Maka pagi itu, untuk pertama kali dalam hidupnya, Kia berangkat sekolah diantar bukan oleh pak Tejo. Meskipun berbeda supir, rutinitas yang ia lakukan di dalam mobil tidak berubah. Ia tetap menonton acara binatang sambil membayangkan bahagianya hidup dengan bebas. Akan tetapi, kali ini bayangannya tersebut dibantah oleh dirinya sendiri.
“Bukankah satu minggu lalu ada kesempatan untuk bebas?”
Bukan, itu hanya fantasi seorang kakek tua yang kurang waras, Kia menjawab pertanyaannya sendiri di dalam hati. Entah mengapa meskipun dirinya sudah membantah berulang-ulang bahwa keajaiban seperti itu tidak mungkin terjadi, tetap saja tersimpan angan-angan seandainya hal itu benar-benar terjadi. Jika memang yang dikatakan kakek itu benar, apakah dirinya benar-benar bisa menjumpai kebahagiaan yang sebenarnya?
“Seandainya waktu itu aku mencoba untuk masuk ke dalam cermin, apa yang akan terjadi?”
Kia kembali teringat mimpi buruknya beberapa hari yang lalu, ketika ia berada di ruang putih yang hampa. Tentu bukan kebebasan seperti itu yang ia harapkan. Ia hanya menginginkan kebebasan yang membuatnya bisa menentukan apa yang ia inginkan. Ia mendambakan kebebasan yang bisa membuatnya merasa menjadi seorang manusia, bukan sekedar robot yang baru bergerak apabila diberi perintah. Sesederhana itu kebahagiaan yang ingin Kia rasakan, namun hampir terasa mustahil untuk direalisasikan pada kehidupan nyata.
Lamunan Kia terpecah ketika pak Iman memanggil namanya berkali-kali. Mereka telah sampai di sekolah. Setelah mengucapkan terima kasih, Kia melangkahkan kakinya menuju kelasnya, tanpa tahu apa yang sedang menantinya di sana.
***
Begitu berada di ambang pintu kelasnya, Kia sudah merasakan hawa yang kurang enak sedang mengelilingi dirinya. Tatapan mata penuh kesinisan sedang diarahkan kepadanya, membuat Kia merasa terancam. Sayang, Kia bukan tipe orang yang pemberani, sehingga ia tidak bertanya mengapa teman-teman sekelasnya seperti itu. Ia menundukkan kepala dan berjalan menuju bangkunya. Selang beberapa saat, Kia memberanikan diri untuk mengangkat kepalanya. Ternyata teman-teman kelasnya masih memandangi dirinya, dan langsung membuang wajah ketika tindakan mereka diketahui oleh Kia. Ia tidak tahu kesalahan apa yang sudah ia lakukan sehingga ia mendapatkan perlakukan tidak menyenangkan di pagi hari.
Ketika waktu istirahat tiba, Kia berniat untuk menyerahkan tugas sejarahnya ke Melissa. Meskipun terlambat satu hari, ia berharap guru sejarahnya memaklumi keterlambatan tersebut karena dirinya sakit. Tatapan yang ia terima di pagi hari sedikit membuatnya ragu, namun ia berhasil membulatkan tekad. Dengan mengepalkan tangan untuk meredakan ketegangannya, Kia berjalan menuju bangku Melissa yang sedang bergosip bersama dua sahabatnya, Cindy dan Enza.

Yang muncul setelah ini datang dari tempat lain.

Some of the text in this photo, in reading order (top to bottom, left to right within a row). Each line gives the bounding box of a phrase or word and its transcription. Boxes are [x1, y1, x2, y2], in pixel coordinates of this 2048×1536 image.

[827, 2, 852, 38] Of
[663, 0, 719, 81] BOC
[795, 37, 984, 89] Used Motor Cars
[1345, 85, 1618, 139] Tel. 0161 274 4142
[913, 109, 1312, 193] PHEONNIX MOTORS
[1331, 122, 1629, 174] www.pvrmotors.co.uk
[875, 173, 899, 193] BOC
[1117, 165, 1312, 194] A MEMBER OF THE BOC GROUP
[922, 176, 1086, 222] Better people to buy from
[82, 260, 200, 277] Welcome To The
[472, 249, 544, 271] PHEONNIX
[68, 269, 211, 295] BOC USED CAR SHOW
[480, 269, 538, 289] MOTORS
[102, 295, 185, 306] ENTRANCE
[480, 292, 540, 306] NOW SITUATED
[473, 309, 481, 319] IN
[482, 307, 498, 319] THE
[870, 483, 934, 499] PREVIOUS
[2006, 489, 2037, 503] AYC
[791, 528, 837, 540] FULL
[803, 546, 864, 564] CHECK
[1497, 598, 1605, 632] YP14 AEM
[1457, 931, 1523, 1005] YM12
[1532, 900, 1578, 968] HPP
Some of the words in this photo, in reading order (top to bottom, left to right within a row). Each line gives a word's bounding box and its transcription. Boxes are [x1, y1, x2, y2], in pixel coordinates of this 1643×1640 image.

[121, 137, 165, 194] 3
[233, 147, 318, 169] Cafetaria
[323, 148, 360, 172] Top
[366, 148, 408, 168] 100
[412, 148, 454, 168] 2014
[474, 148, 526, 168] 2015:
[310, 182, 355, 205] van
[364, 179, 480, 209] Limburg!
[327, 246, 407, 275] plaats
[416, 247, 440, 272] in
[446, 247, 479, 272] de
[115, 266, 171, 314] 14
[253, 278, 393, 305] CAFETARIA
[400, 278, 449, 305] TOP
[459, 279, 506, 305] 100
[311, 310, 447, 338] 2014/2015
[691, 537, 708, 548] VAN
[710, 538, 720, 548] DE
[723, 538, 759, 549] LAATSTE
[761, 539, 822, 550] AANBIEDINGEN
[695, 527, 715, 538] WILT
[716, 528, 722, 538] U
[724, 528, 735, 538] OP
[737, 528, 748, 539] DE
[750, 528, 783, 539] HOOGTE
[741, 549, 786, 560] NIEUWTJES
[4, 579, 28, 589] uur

“Teman-teman, maaf aku kemarin mendadak sakit, ini tugas kelompok sejarahnya sudah selesai, ayo kita antar ke guru.”
Satu kalimat dari bibir Kia dijawab dengan pandangan mata yang begitu merendahkan. Apalagi Melissa, tatapan matanya seolah menyiratkan bahwa Kia tidak pantas berbicara dengan wanita high-class seperti dirinya.
“Enggak perlu Zas, udah telat. Kita bertiga kemarin udah kena marah guru gara-gara elu bolos. Lu sengaja kan biar kita bertiga kena marah?” ujar Melissa dengan nada suara yang perlahan mulai meninggi.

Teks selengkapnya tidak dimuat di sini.